We use a Redis (version 2.8) with Windows in our production servers. And have next "master-slave"configuration:
- 3 services in separate servers (1 master and 2 slaves)
- 3 sentinels in each server
Until we do not have a lot of loading and big size of data, and replication works as we need. BUT every day we have strange behaviour. In Redis-service log we see:
IPs of our servers:
---.--.--.1
---.--.--.2
---.--.--.3
[3576] 30 Nov 00:15:07.271 # Connection with slave ---.--.-.2:6379 lost.
[3576] 30 Nov 00:15:07.282 # Connection with slave ---.--.-.3:6379 lost.
[3576] 30 Nov 00:15:18.242 * SLAVE OF ---.--.-.3:6379 enabled (user request)
[3576] 30 Nov 00:15:18.245 # CONFIG REWRITE executed with success.
[3576] 30 Nov 00:15:18.801 * Connecting to MASTER ---.--.-.3:6379
[3576] 30 Nov 00:15:18.801 * MASTER <-> SLAVE sync started
[3576] 30 Nov 00:15:18.802 * Non blocking connect for SYNC fired the event.
[3576] 30 Nov 00:15:18.802 * Master replied to PING, replication can continue...
[3576] 30 Nov 00:15:18.803 * Partial resynchronization not possible (no cached master)

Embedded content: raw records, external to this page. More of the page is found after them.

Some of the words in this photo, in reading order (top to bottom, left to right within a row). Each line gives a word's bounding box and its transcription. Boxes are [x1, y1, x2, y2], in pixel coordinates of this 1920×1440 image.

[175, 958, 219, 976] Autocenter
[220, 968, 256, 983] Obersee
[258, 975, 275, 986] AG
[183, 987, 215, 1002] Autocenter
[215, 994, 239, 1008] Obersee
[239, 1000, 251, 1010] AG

[3576] 30 Nov 00:15:18.805 * Full resync from master: 2010f343b5b051924fb4826f826979f9683a73a9:24474754143
[3576] 30 Nov 00:15:20.772 * MASTER <-> SLAVE sync: receiving 66333159 bytes from master
[3576] 30 Nov 00:15:21.648 * MASTER <-> SLAVE sync: Flushing old data
[3576] 30 Nov 00:15:22.085 * MASTER <-> SLAVE sync: Loading DB in memory
[3576] 30 Nov 00:15:23.005 * MASTER <-> SLAVE sync: Finished with success
In two other servers logging same. But instead
[3576] 30 Nov 00:15:07.271 # Connection with slave ---.--.-.2:6379 lost.
logged
[6176] 30 Nov 00:15:12.451 # Connection with master lost.**strong text**
In sentinel logs next:
[6988] 30 Nov 00:06:25.031 # -sdown slave ---.--.-.3:6379 ---.--.-.3 6379 @ master ---.--.-.1 6379
[6988] 30 Nov 00:06:25.031 # -sdown sentinel ---.--.-.3:10001 ---.--.-.3 10001 @ master ---.--.-.1 6379
This occurs ONLY 1 time per day in begin of day, but not in certain fixed time (can start in 00:12:00 / 00:15:00/ 00:17:00 etc.) Regarding redis-sentinel configuration we have just this
port 10001
logfile "C:\\REDIS\\logs\\redis_sentinel.log"

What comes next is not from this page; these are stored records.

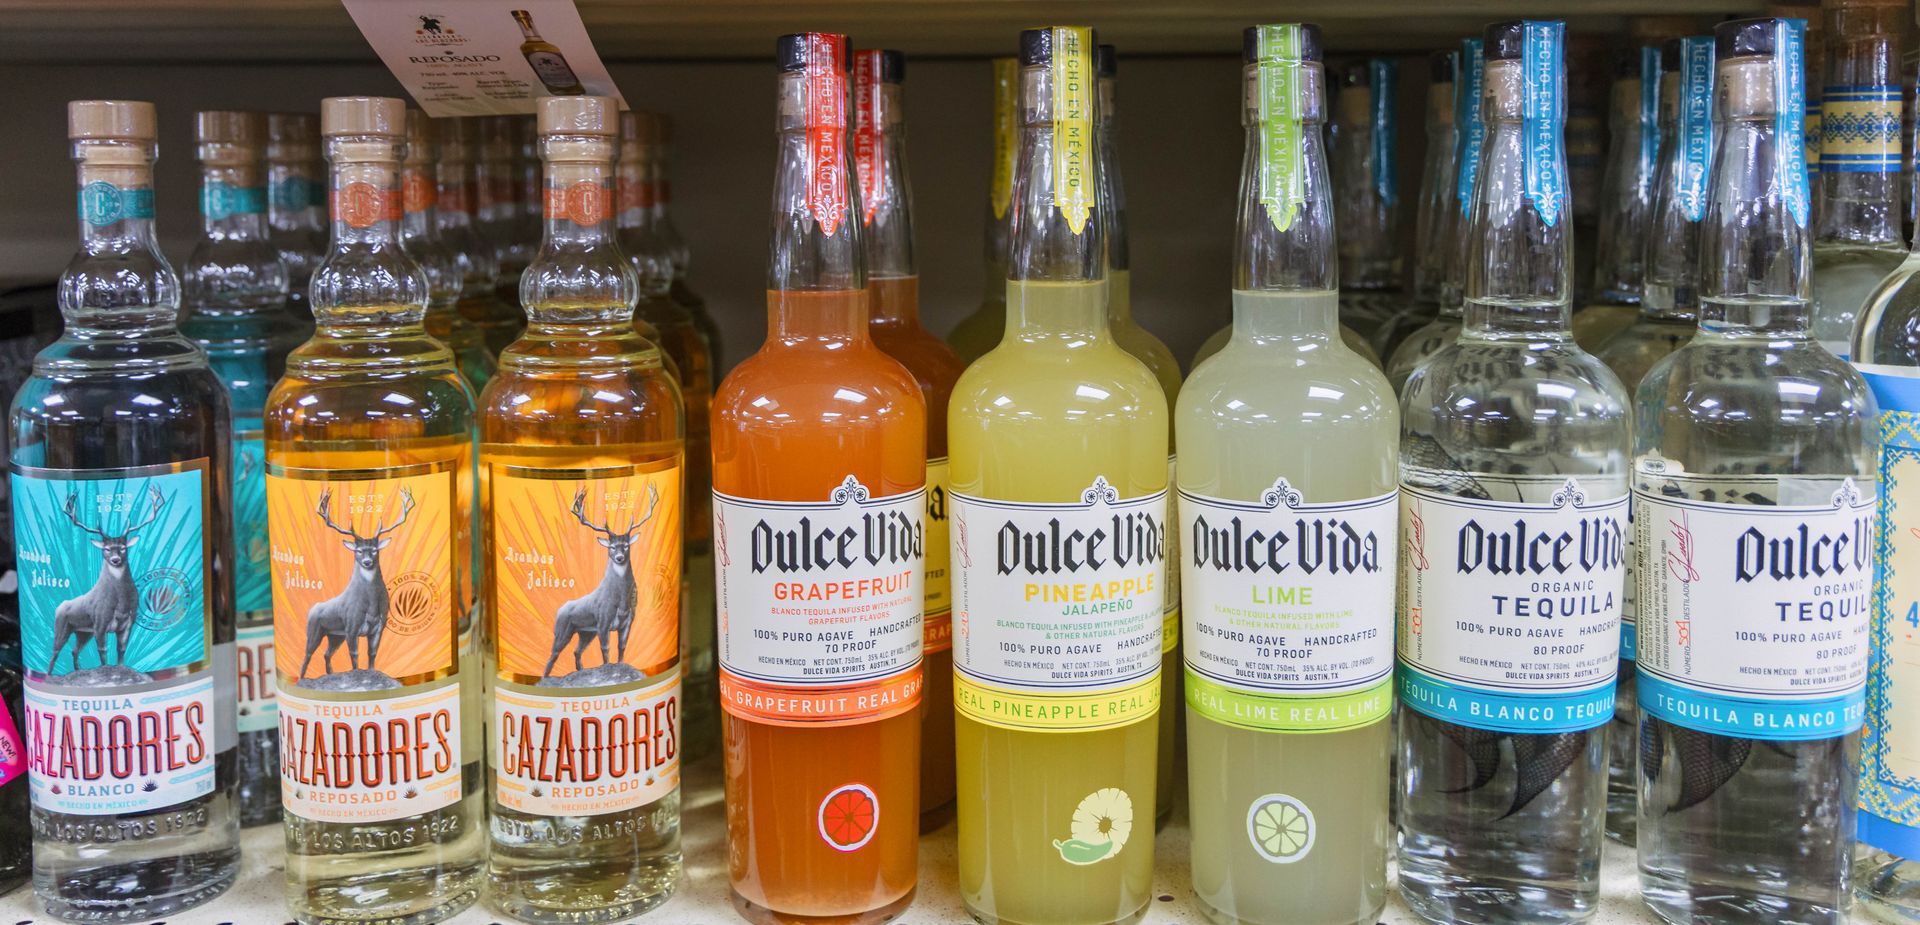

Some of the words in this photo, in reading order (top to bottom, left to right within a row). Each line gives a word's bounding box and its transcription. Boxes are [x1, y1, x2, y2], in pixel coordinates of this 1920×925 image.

[409, 55, 500, 63] REPOSADO
[1539, 27, 1550, 83] HECHO
[1068, 38, 1078, 92] HECHO
[1692, 44, 1707, 94] HECHO
[1068, 100, 1079, 119] EN
[1272, 95, 1284, 116] EN
[1539, 93, 1550, 111] EN
[1692, 100, 1704, 121] EN
[1792, 92, 1800, 115] EN
[821, 104, 833, 125] EN
[1068, 127, 1081, 187] MÉXICO
[751, 516, 858, 574] Dulce
[862, 510, 922, 567] Vida
[997, 517, 1106, 576] Dulce
[1193, 514, 1290, 575] Dulce
[1295, 518, 1380, 575] Vida
[1457, 518, 1573, 575] Dulce
[1736, 522, 1849, 584] Dulce
[774, 571, 912, 601] GRAPEFRUIT
[1025, 572, 1154, 602] PINEAPPLE
[1252, 584, 1313, 606] LIME
[1531, 580, 1594, 593] ORGANIC
[1814, 580, 1863, 596] ORGANIC
[771, 607, 801, 615] BLANCO
[803, 607, 836, 616] TEQUILA
[839, 605, 870, 614] INFUSED
[872, 602, 889, 612] WITH
[1062, 599, 1133, 616] JALAPEÑO
[1492, 591, 1613, 619] TEQUILA
[808, 616, 858, 626] GRAPEFRUIT
[860, 611, 890, 622] FLAVORS
[997, 619, 1024, 629] BLANCO
[1026, 622, 1058, 631] TEQUILA
[1060, 622, 1092, 631] INFUSED
[1094, 620, 1112, 630] WITH
[753, 629, 778, 641] 100%
[782, 632, 812, 641] PURO
[817, 631, 853, 641] AGAVE
[1052, 631, 1079, 640] OTHER
[1082, 628, 1116, 639] NATURAL
[1196, 621, 1214, 636] 100%
[1218, 629, 1244, 642] PURO
[1249, 635, 1286, 646] AGAVE
[1304, 628, 1377, 647] HANDCRAFTED
[1456, 620, 1484, 634] 100%
[1489, 626, 1522, 637] PURO
[1527, 628, 1564, 638] AGAVE
[1735, 631, 1767, 642] 100%
[1773, 632, 1806, 643] PURO
[1810, 630, 1842, 643] AGAVE
[825, 644, 839, 653] 70
[843, 640, 877, 652] PROOF
[999, 641, 1025, 653] 100%
[1031, 645, 1061, 655] PURO
[1067, 643, 1102, 654] AGAVE
[1256, 647, 1271, 658] 70
[1274, 649, 1313, 658] PROOF
[1533, 645, 1547, 655] 80
[1551, 643, 1585, 655] PROOF
[1816, 648, 1829, 660] 80
[1832, 647, 1857, 658] PROOF
[758, 656, 775, 664] HECHO
[776, 657, 783, 665] EN
[813, 658, 825, 666] NET
[803, 666, 823, 675] DULCE
[825, 665, 840, 674] VIDA
[842, 664, 865, 674] SPIRITS
[1004, 659, 1022, 668] HECHO
[1023, 661, 1031, 669] EN
[1062, 662, 1072, 670] NET
[1245, 661, 1256, 669] NET
[1257, 662, 1275, 671] CONT.
[1277, 664, 1296, 672] 750mL
[1303, 664, 1314, 672] 35%
[1459, 655, 1479, 666] HECHO
[1480, 658, 1488, 666] EN
[1489, 657, 1512, 669] MÉXICO
[1520, 662, 1532, 670] NET
[1051, 670, 1072, 679] DULCE
[1073, 670, 1088, 678] VIDA
[1090, 668, 1113, 677] SPIRITS
[1236, 668, 1255, 679] DULCE
[1256, 671, 1272, 679] VIDA
[1274, 672, 1299, 681] SPIRITS
[1331, 671, 1339, 679] TX
[1505, 671, 1527, 679] DULCE
[1529, 671, 1544, 679] VIDA
[1546, 670, 1570, 679] SPIRITS
[1739, 666, 1762, 675] HECHO
[1763, 667, 1772, 676] EN
[1773, 666, 1797, 676] MÉXICO
[1790, 677, 1811, 686] DULCE
[62, 698, 133, 713] TEQUILA
[561, 697, 630, 714] TEQUILA
[737, 691, 847, 713] GRAPEFRUIT
[857, 689, 898, 710] REAL
[1194, 688, 1226, 713] REAL
[1235, 702, 1279, 721] LIME
[1290, 705, 1340, 721] REAL
[1348, 696, 1381, 718] LIME
[1400, 676, 1457, 711] TEQUILA
[1470, 701, 1554, 721] BLANCO
[314, 705, 383, 719] TEQUILA
[993, 700, 1099, 719] PINEAPPLE
[1109, 697, 1144, 715] REAL
[1657, 693, 1739, 725] TEQUILA
[1754, 711, 1835, 728] BLANCO
[26, 701, 206, 781] CAZADORES
[279, 708, 451, 789] CAZADORES
[503, 696, 676, 783] CAZADORES
[68, 783, 134, 797] BLANCO
[310, 790, 397, 804] REPOSADO
[552, 779, 639, 798] REPOSADO
[352, 828, 415, 849] ALTOS

sentinel monitor master ---.--.-.1 6379 2
sentinel down-after-milliseconds master 4000
sentinel failover-timeout master 30000
In redis-servers configuration actually we use default configuration almost (Just changed "maxheap" and "maxmemory").
I had found that possibly cases of this can be not enough replication timeout (repl-timeout = 60 sec by default) and client buffer limit ("client-output-buffer-limit"). But it is not our cases because we have very quickly replication (about 1 sec) and until small size of data. Also we have checked physical connection to our servers(ports) in time of this issue -> Connection is always good...
So who have any ideas about this regular lost connection and start failover process without reason??